This material comprises Marshall's long-term documentary record of the Ju/'hoansi of
the Nyae Nyae region of the Kalahari Desert in northeastern Namibia. A great deal of the
film and video footage focuses on one particular extended family, that of Toma Tsamko,
whose ancestral home is at /Gautcha, an area with a large salt pan and a permanent
waterhole. The life stories of some family members are captured in the footage;
appearing as children in the 1950's, middle-aged parents in the 1980's, and pensioners in
the final years of visual documentation. Beginning in 1978, Marshall often conducted
lengthy and in depth interviews with many family members, in which they reflect on past,
present, and future, and often comment on specific film footage from earlier years which
was shown to them during the interviews. The collection is not limited to the /Gautcha
family, however; it also documents other Ju/'hoansi living in Nyae Nyae and elsewhere,
their relationships with neighboring ethnic groups, and national politics that affected
Ju/'hoansi. Marshall also documented the local political body (the Nyae Nyae Farmers'
Cooperative, or NNFC), the foundation he started (the Nyae Nyae Development
Foundation of Namibia, or NNDFN), and the ways in which both groups worked with
and were affected by international development organizations and foreign aid during the
1990's. The collection also documents changes to the landscape and wildlife of the Nyae
Nyae region.
Arrangement:
This collection is arranged in 13 series: (1) Unedited Film and Video Projects, 1950-1978, 1981-2003; (2) Published Films and Videos, 1952-2002; (3) Unpublished Films and Videos, 1959-1962, circa 1965; (4) Audio, 1950s, 1978-1990; (5) Field Notes, Shot Logs, Translations, 1951-2000; (6) Production Files, 1952-2004; (7) Correspondence, 1968-2003 [bulk 1993-2000]; (8) Nyae Nyae Development Foundation & Advocacy Files, 1975-2003 [bulk 1984-2003]; (9) Published and Unpublished Writing, 1957-1958, 1980-1999, 2007; (10) Study Guides, 1974, 1982; (11) Writings by Others & Press, 1952-1953, 1965-2005; (12) Photographs, 1930s, 1946-2003; (13) Maps, 1872, 1879, 1914, 1933-1989.

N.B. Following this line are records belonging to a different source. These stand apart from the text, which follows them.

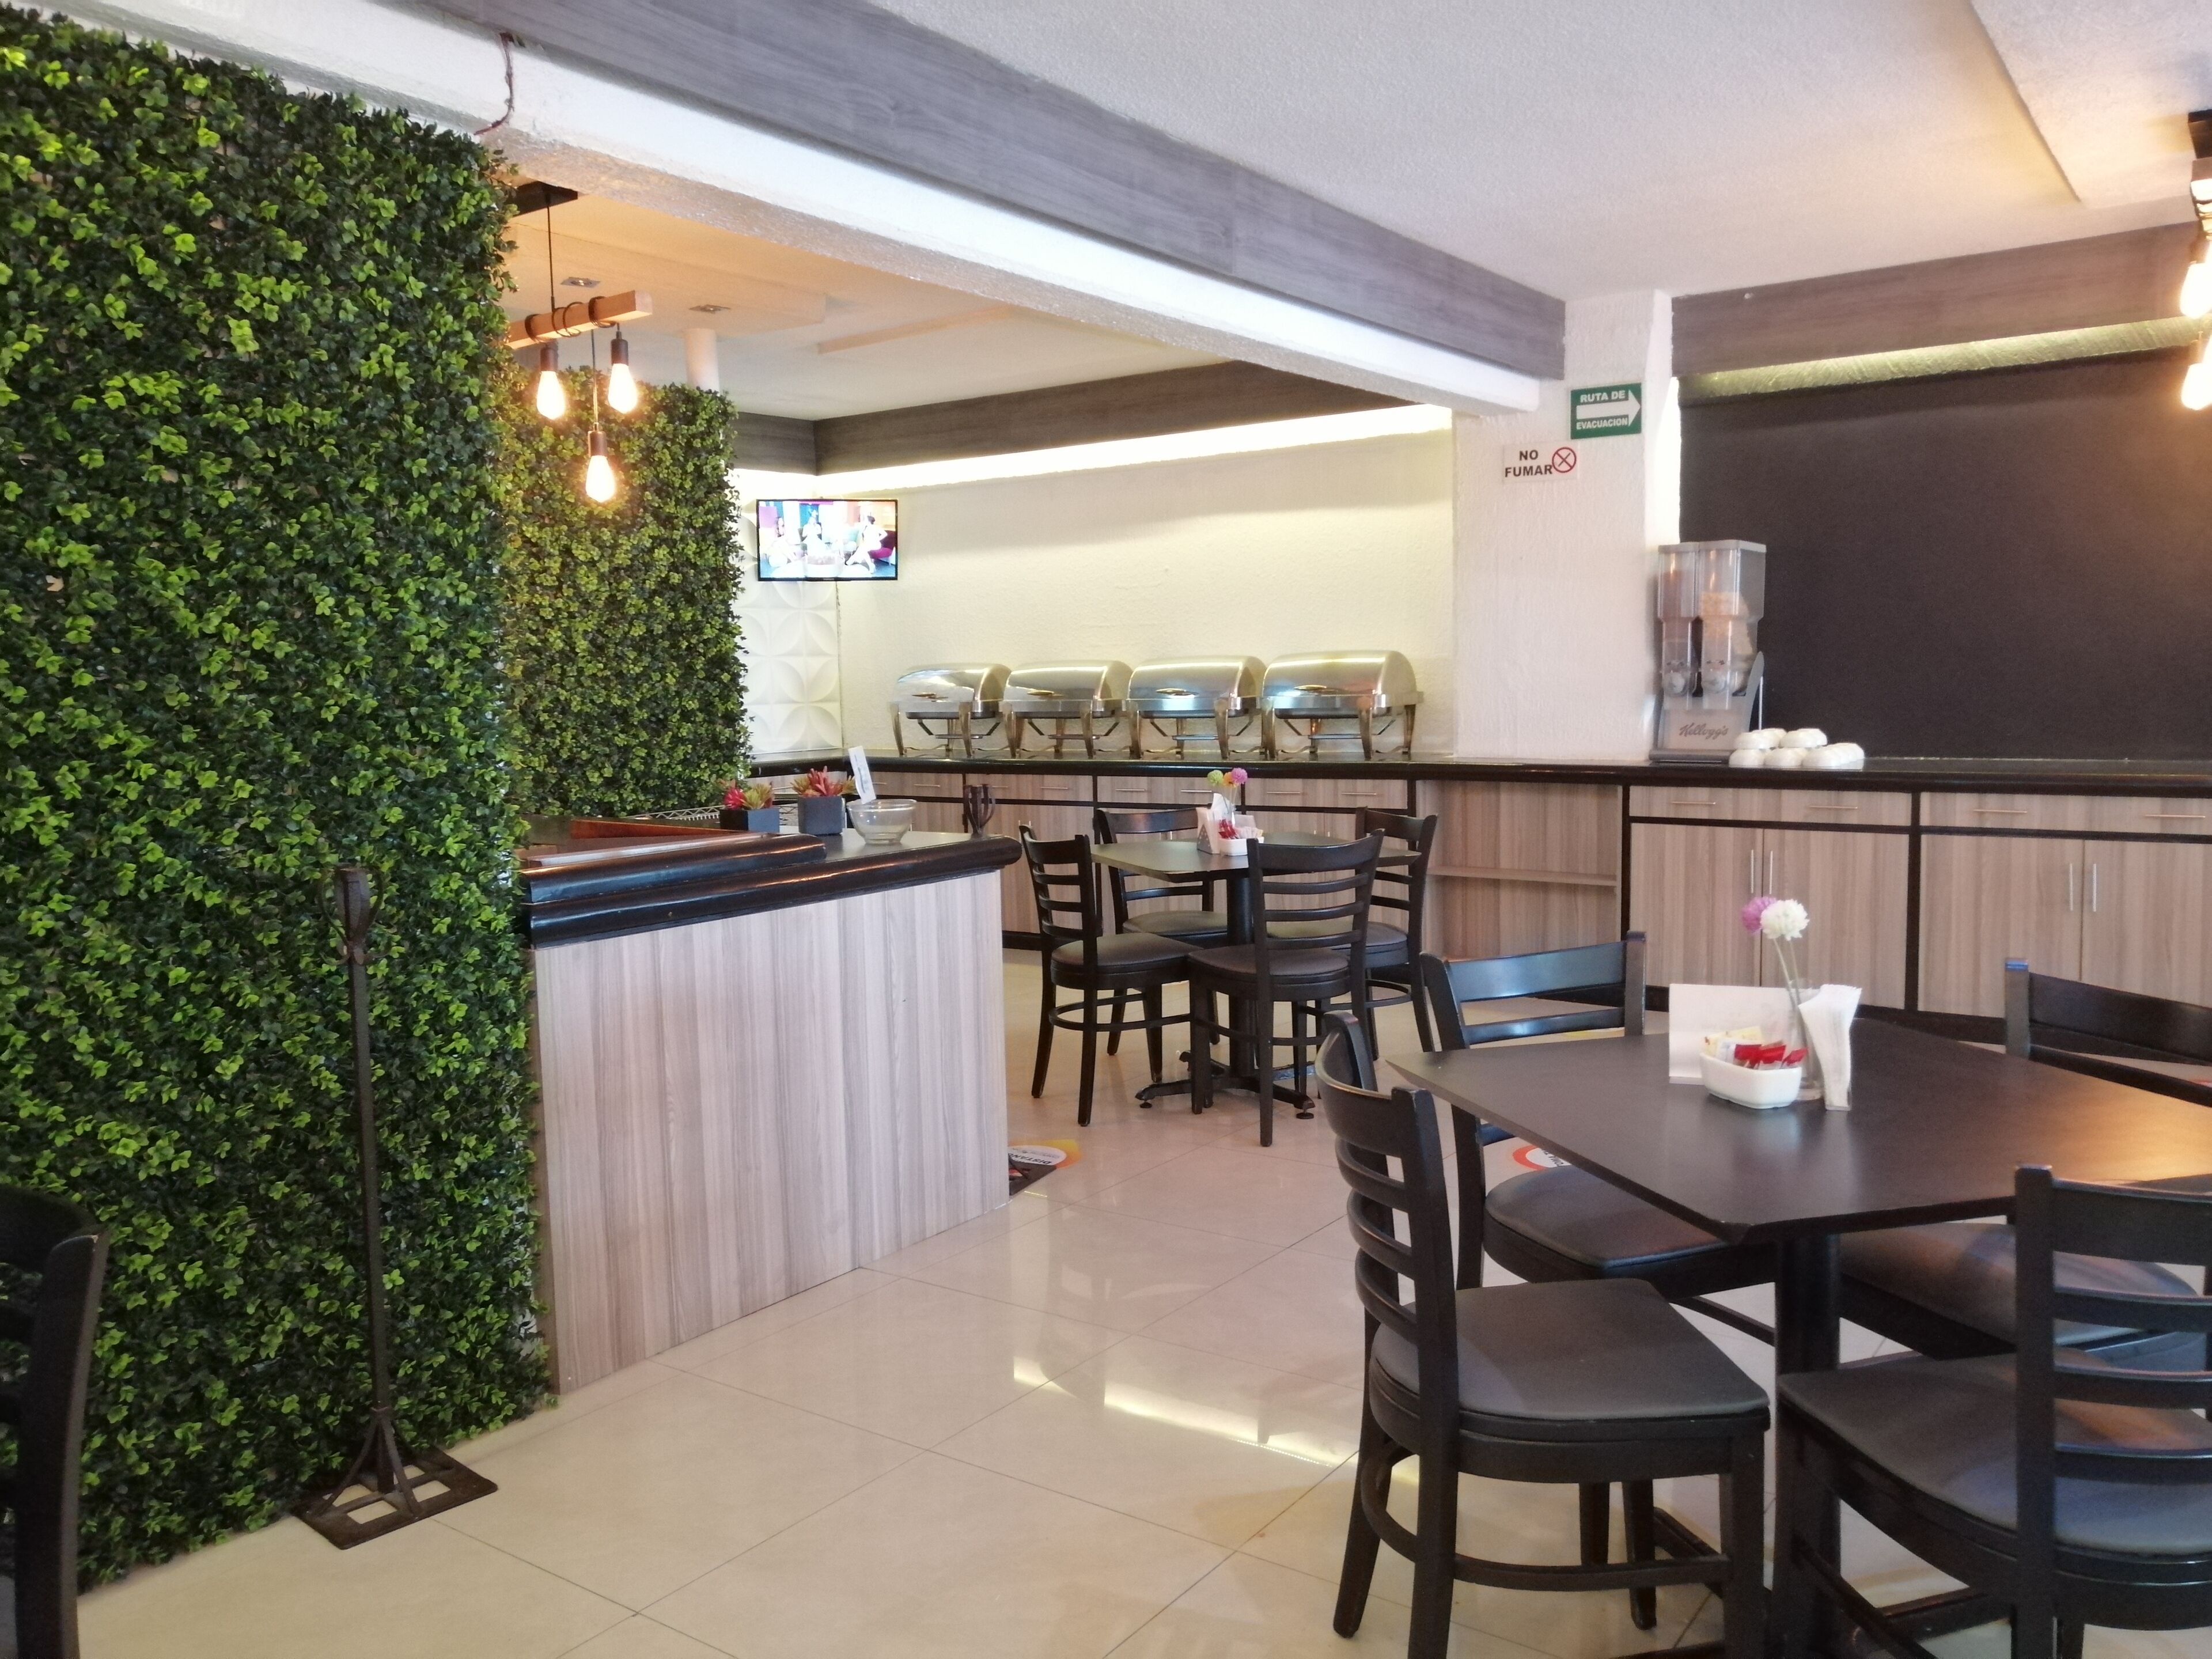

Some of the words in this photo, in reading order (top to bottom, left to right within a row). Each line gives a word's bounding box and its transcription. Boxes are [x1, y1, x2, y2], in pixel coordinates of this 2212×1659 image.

[1580, 392, 1608, 403] RUTA
[1611, 390, 1626, 400] DE
[1576, 418, 1628, 430] EVACUACION
[1519, 449, 1539, 461] NO
[1505, 464, 1552, 478] FUMAR
[1679, 722, 1729, 740] Kellogg's

Biographical / Historical:
John Marshall, filmmaker and activist, was born on November 12, 1932 in Boston, Massachusetts. He grew up in Cambridge, Massachusetts and on his family's farm in Peterborough, New Hampshire. Marshall first picked up a camera in 1950, at the age of 18, during the first of several expeditions to the Kalahari organized by his father, Laurence Marshall, the founding president of the Raytheon Corporation. The whole Marshall family - including John's mother, Lorna, and sister, Elizabeth Marshall Thomas - became engaged in a multi-disciplinary study of the Ju/'hoansi. Marshall's father assigned him the task of making a documentary film record of Ju/'hoan life and culture. Between 1950 and 1958, he shot over 300,000 feet of 16mm film (157 hours).

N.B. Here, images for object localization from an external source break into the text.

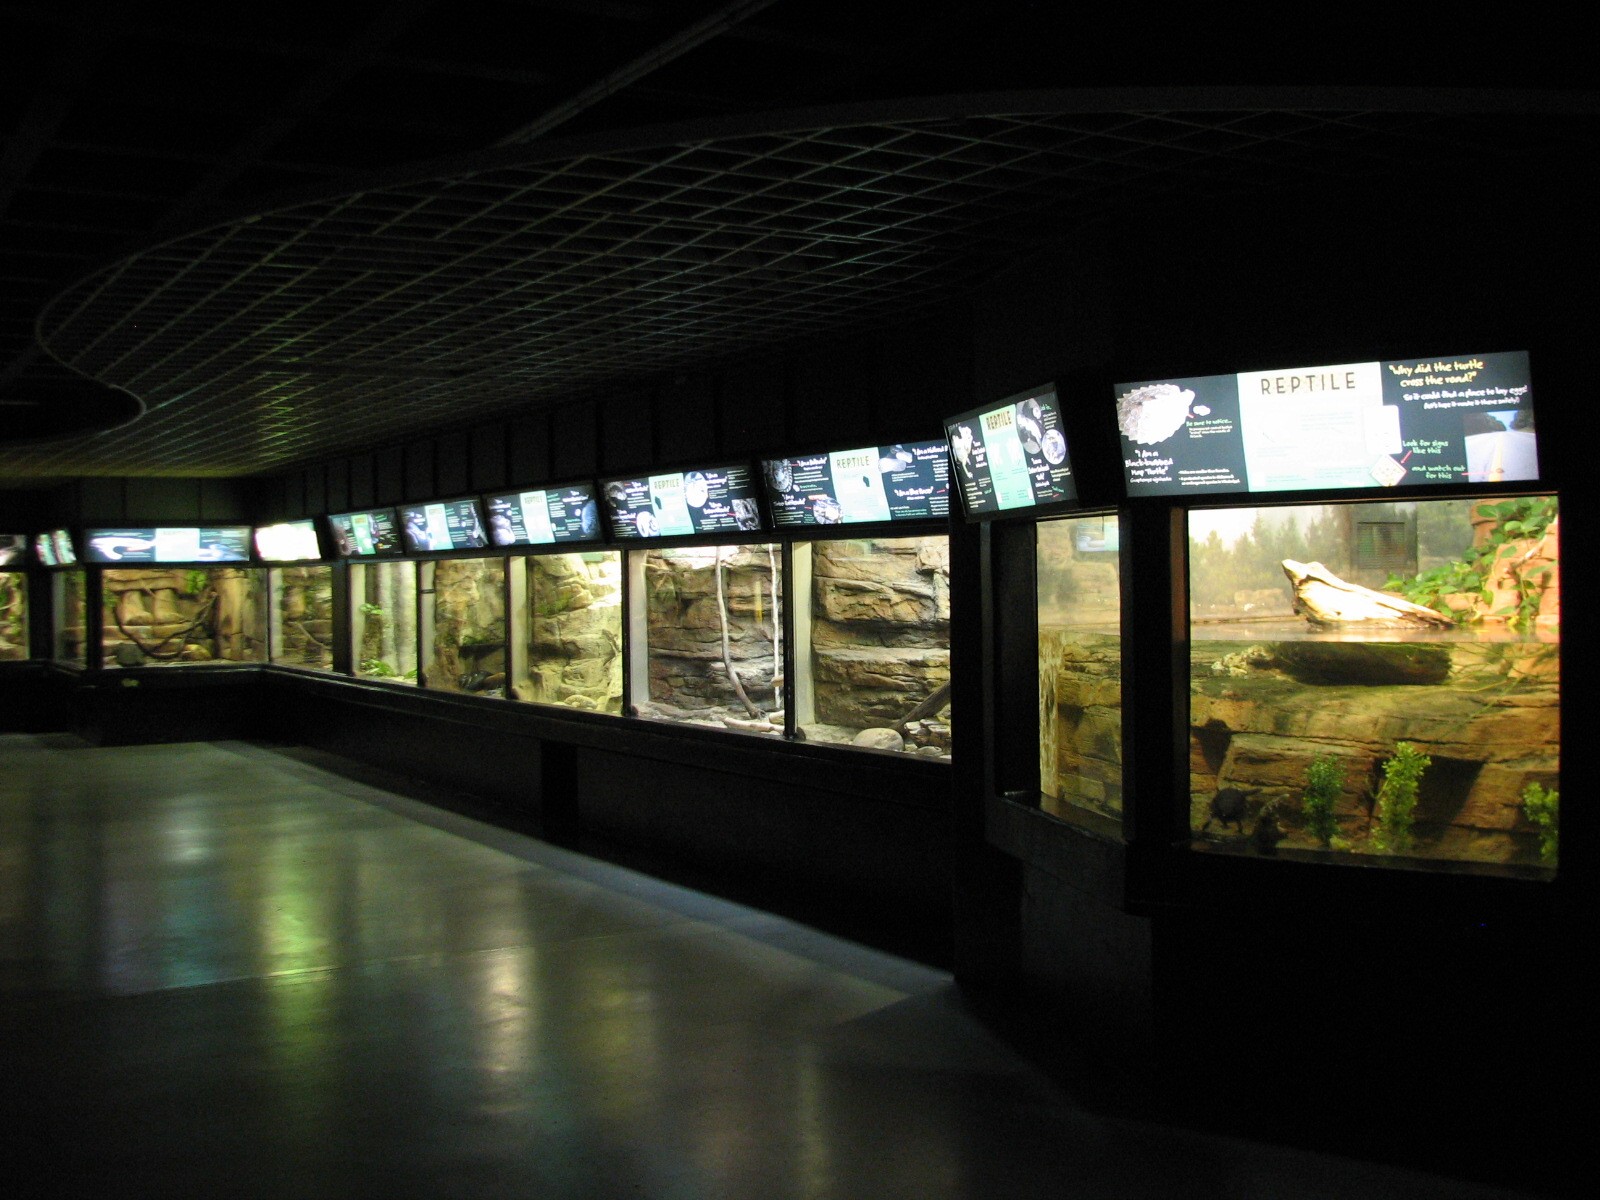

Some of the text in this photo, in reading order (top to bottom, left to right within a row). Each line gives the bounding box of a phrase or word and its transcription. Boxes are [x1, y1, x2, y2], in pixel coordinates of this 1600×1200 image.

[1414, 363, 1432, 373] did
[1433, 362, 1452, 373] the
[1454, 358, 1484, 371] turtle
[1260, 372, 1356, 395] REPTILE
[1400, 377, 1424, 388] cross
[1425, 374, 1444, 385] the
[986, 410, 1012, 430] REPTILE
[1402, 439, 1448, 448] Look for signs
[1427, 446, 1441, 454] this
[837, 455, 870, 469] REPTILE
[1427, 464, 1452, 472] watch
[654, 478, 680, 490] REPTILE

Marshall formed a close bond with many of his Ju/'hoan subjects, particularly with Toma "Stumpy" Tsamko, leader of the /Gautcha band. Amongst Ju/'hoansi, Marshall was known as Toma Xhosi, Toma "Longface". Probably because of this close relationship, he was forced to leave South West Africa in 1958 after his visa expired, and was not allowed back for twenty years.
During the 1960's and 1970's, Marshall became well-established as a cinema vérité filmmaker. After leaving the Film Study Center at Harvard, which he had co-directed with Robert Gardner, he worked briefly with Robert Drew and D.A. Pennebaker, and later collaborated with Fredrick Wiseman on Titicut Follies (1967). He forged friendships with leading documentary and ethnographic filmmakers, including Timothy Asch, Ricky Leacock, and Jean Rouch.
Throughout these years, Marshall continued to work with his extensive footage of Ju/'hoansi. He completed 15 short films, as well as the award-winning Bitter Melons. In 1968, Marshall partnered with Tim Asch to found Documentary Educational Resources (DER), to distribute and support the creation of ethnographic and educational film.
In 1978 Marshall was allowed to return to Nyae Nyae to shoot N!ai, the Story of a !Kung Woman. Finding his Ju/'hoan friends beset by illness, poverty, and growing social ills, John turned his attentions to development and advocacy work. Virtually abandoning his filmmaking career, Marshall started a foundation to assist Ju/'hoansi and spent most of the 1980's helping them establish water access, subsistence farming, and a local government. He began using film as an advocacy tool, and released several urgent, issuefocused videos to raise awareness of the Ju/'hoan struggle for self-determination.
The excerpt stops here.